Osmanlı hanedanının erkek üyeleri arasında durum buyken, kadın üyelerden bazıları hacı olmuşlardı. İlk hacı Osmanlı hanedan üyesinin Çelebi Mehmed’in kızı olduğunu biliyoruz. Son üye olarak da I. Mahmud’un kızı Ayşe Sultan’ı biliyorduk. Ancak Süreyya Faruki’nin çalışması “Hacılar ve Sultanlar”, hacı olan hanım sultanların sayısının sandığımızdan daha fazla olduğunu ortaya koydu. Muhtemelen şehzadelerin haccı siyasî bir faaliyet fırsatı olarak değerlendirebileceği korkusuyla engellenmesine mukabil, kadın üyeler için böyle bir endişeye yer bulunmaması, onların bu dinî vazifelerini daha rahat yerine getirmelerine kapı açmış olmalıdır.
Sorumuza dönelim yine: Osmanlı padişahları neden hacca gitmediler?

Benim kişisel kanaatim biraz mantık dışı görünebilir size: Osmanlı padişahları sanki kendilerini hac gibi yüce bir iltifata layık görmüyorlardı! Bu davranışlarını, Ertuğrul Gazi ile Osman Gazi’ye ortak olarak atfedilen şu Kur’an-ı Kerim’in bulunduğu odada uyumama tavrıyla irtibatlandırıyorum. Burada adeta kendilerini günahkâr addettiklerinden o yüce vazifeye layık görmeme tavrının kokusunu alıyorum ben. Dediğim gibi bu tamamen kişisel bir yorum.

Padişahların, Peygamber Efendimiz’e (sas), Ehl-i Beyt’e ve mukaddes beldelere duydukları derin saygıyı ve bu saygının gereğini yerine getirmek için neler yaptıklarını bir hatırlayalım.

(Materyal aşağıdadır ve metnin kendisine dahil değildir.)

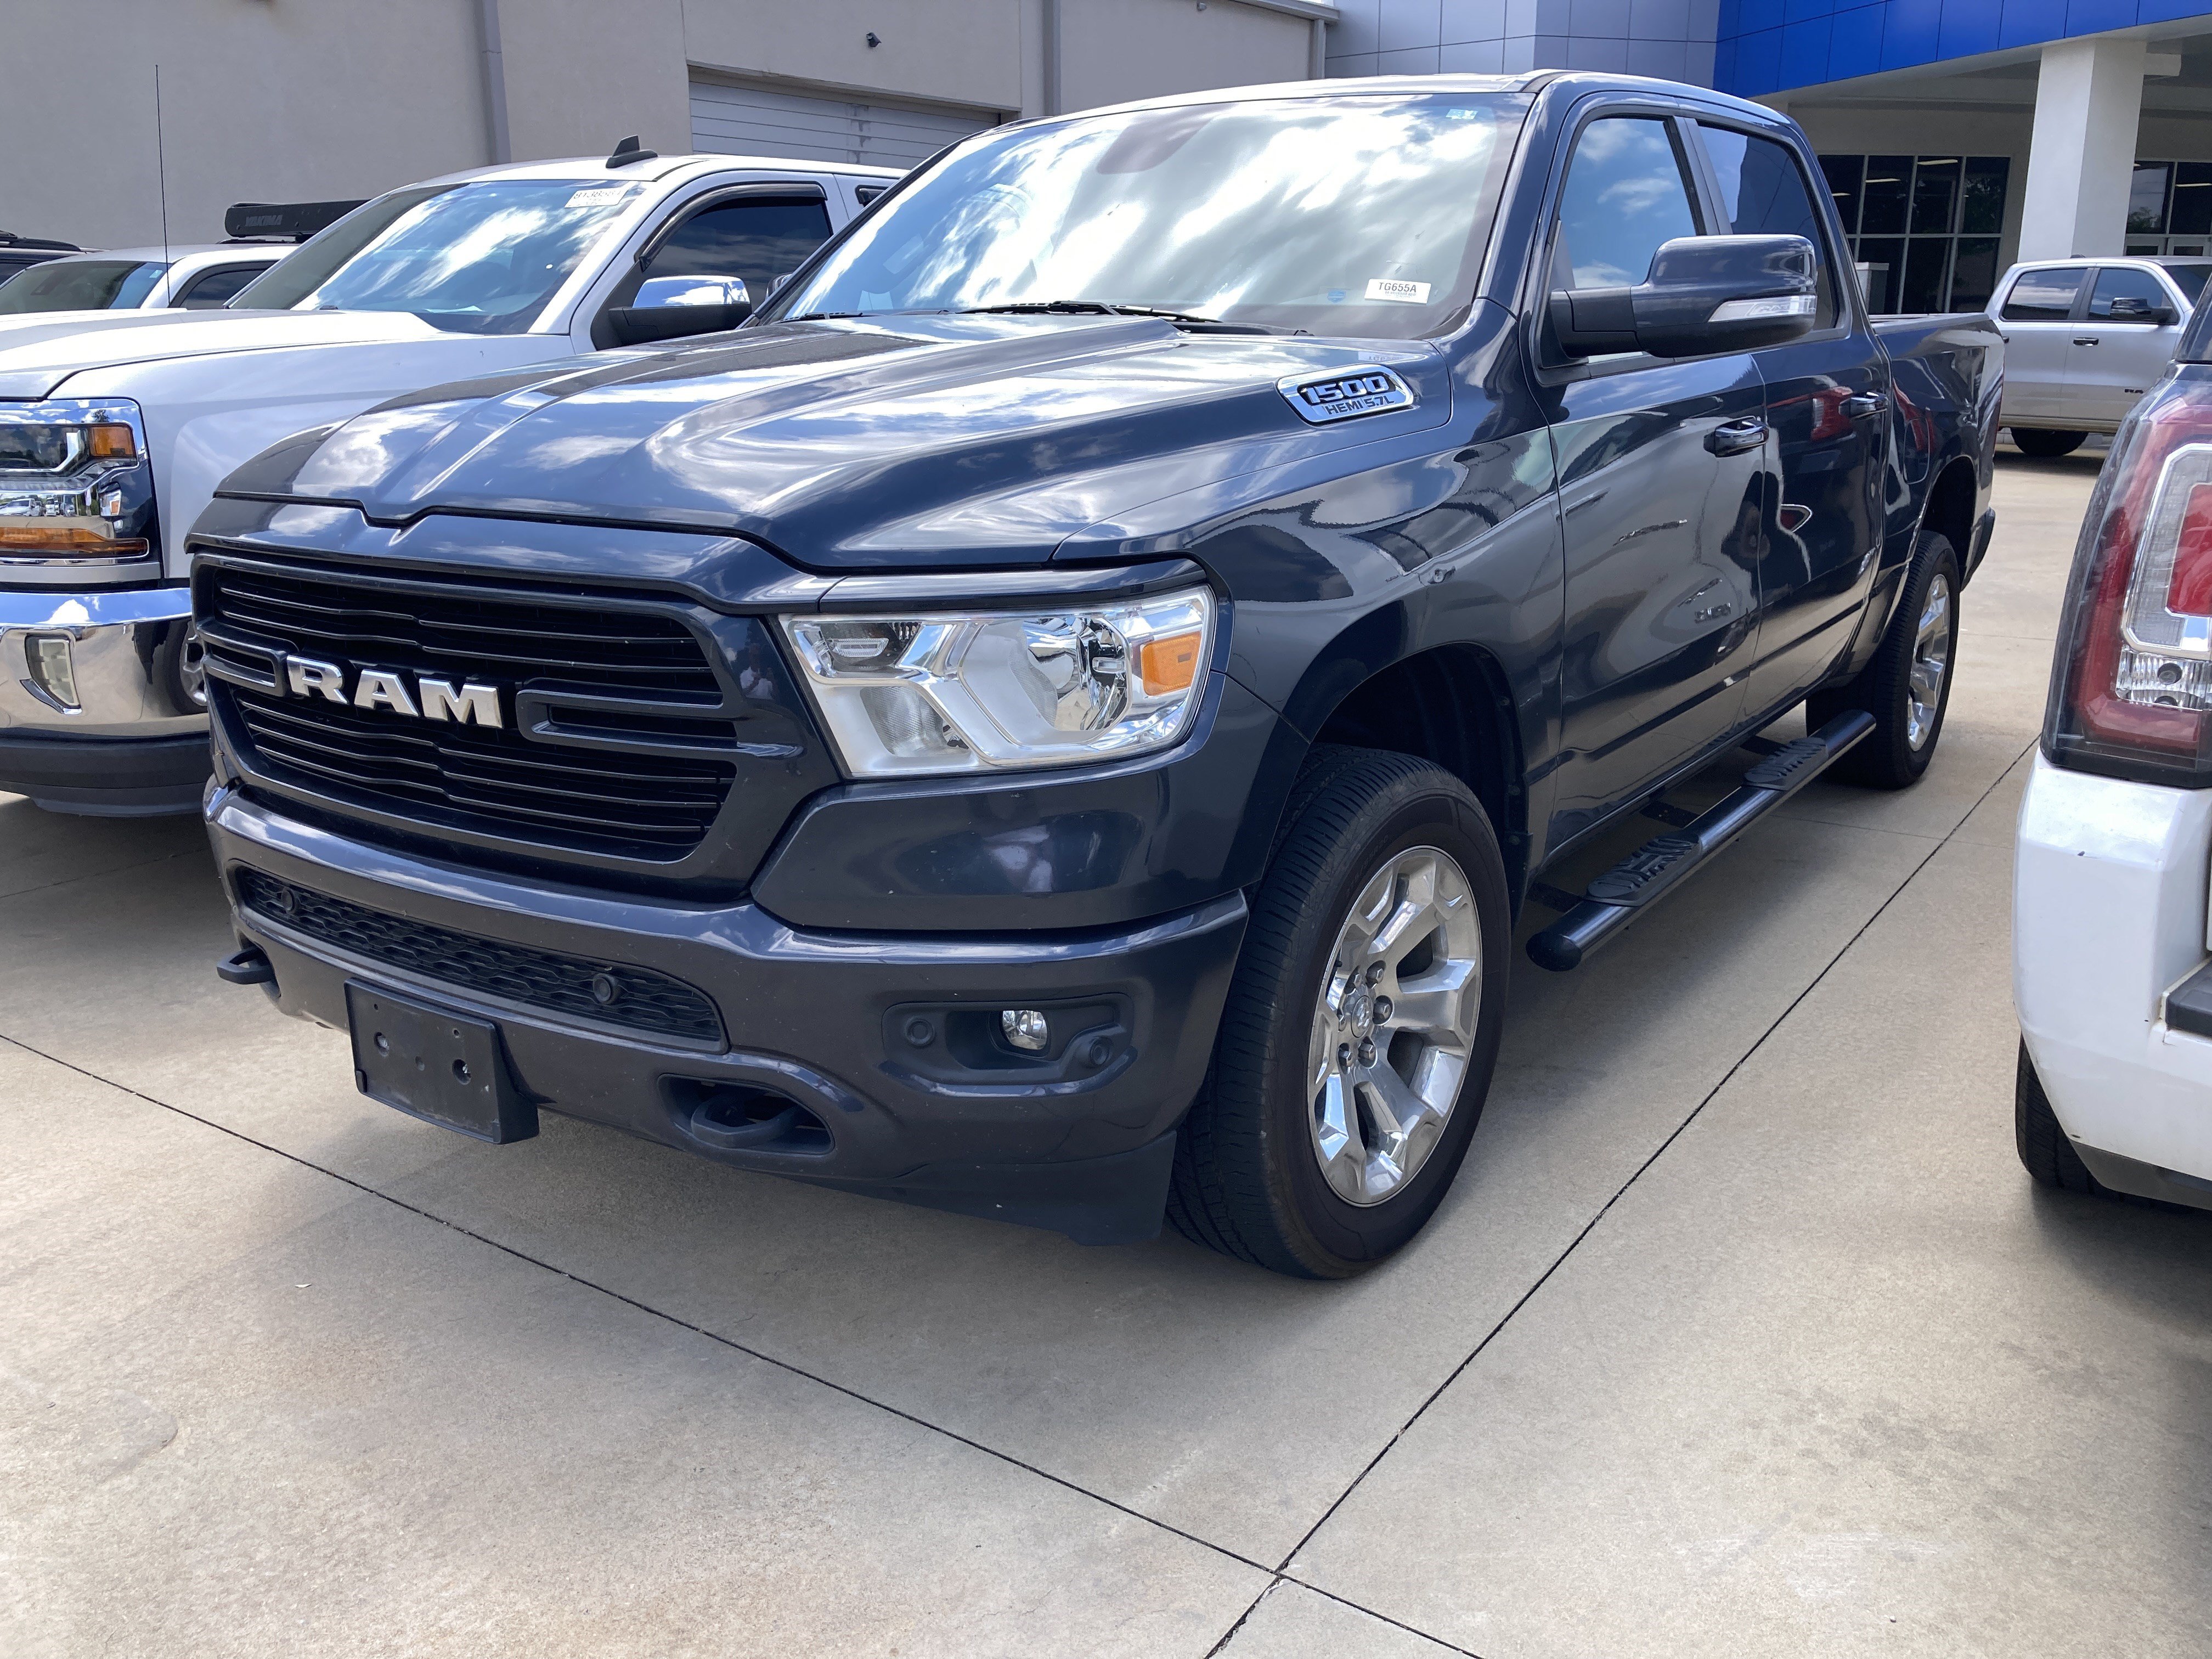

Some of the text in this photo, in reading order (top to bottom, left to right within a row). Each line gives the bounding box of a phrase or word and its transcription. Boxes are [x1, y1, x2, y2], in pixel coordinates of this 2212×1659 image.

Kanuni’nin Mescid-i Haram’ın minarelerini yenilettiğini ve oğlu Selim’e Cidde’ye su getirmeyi vasiyet ettiğini hatırlatmak yeterlidir. Yüzyıllar boyu Mekke ve Medine halkına Sürre alayları ile birlikte her yıl hiç aksatmadan son derece değerli hediyeler yolladıklarını biliyoruz; yine her yıl “iskât-ı hac” için kendi yerlerine birilerini mutlaka hacca gönderdiklerini de. Bu saygıyla yetişmiş insanların hac gibi bir farzı ifa etmek istemediklerini düşünmek anlamlı olmaz.

Demek ki hac ibadetini yerine getirmek istiyorlardı. Yine de gitmediler. Neden?

Hacca gitmeme sebepleri olarak kimileri güvenlik gerekçesini öne sürüyor (‘o kadar kalabalığın arasına girince her şey olabilirdi’), kimileri de devletin başsız kalması riskini (‘fitne çıkmasını’) göze alamadıklarını ve cihadı daha fazla önemsediklerini. Buna göre o devirlerde bir insanın hacca gidiş-dönüşü en az 3 ay sürüyordu; dolayısıyla bir padişahın bu kadar uzun süre işin başından uzak kalması anarşiye sebebiyet verebilir, fitne çıkabilirdi. Ne var ki, Halife Harun Reşid’in tam 9 kez hacca gittiğini öğrenince aslında isteselerdi bu güvenliği bir şekilde temin edebilirlerdi sonucuna varıyoruz.

Benim kişisel olmayan yorumum Ahmet Akgündüz’ünküne yakın:

Oğlu Korkut’u hacca yollayan -gelin görün ki Mısır’dan geri çevrilmişti- II. Bayezid’den itibaren Osmanlı padişahları ve onları etkileyen ulema, bir padişahın devlet başkanlığı görevlerini ‘şahsî ibadetleri uğruna’ aylar boyu terk etmesini caiz görmemişlerdi. Yani bu tutumda şahsî ibadetlerini kamusal hizmetlerinin önüne geçirmeme kaygısı ağır basmış ve bu, zamanla hanedanın erkek üyeleri için tartışılmaz bir gelenek halini almıştı. Nitekim II. Osman da, hacca gitmeye niyetlendiğinde en başta kayınpederi Şeyhülislam Esad Efendi kendisine karşı çıkarak, “Padişahlara hac lazım değildir, oturup adl eylemek evlâdır. Caiz ki bir fitne zuhur eyleye” fetvasını vermişti.

Osmanlı padişahı tahtın üzerinde artık gerçek bir kişilik değil, tüzel bir kişiliktir ve anlaşılan, hac gibi şahsî bir farzı uğruna devlet işlerini aylar boyu ihmal etmesi, dinen caiz görülmemiştir. Ahmet Akgündüz’ün dediği gibi, “Bazen kamu haklarından olan bir mesele, şahsî farzlardan daha ehemmiyetli hale gelmektedir.” Bu nokta üzerinde durmaya değer.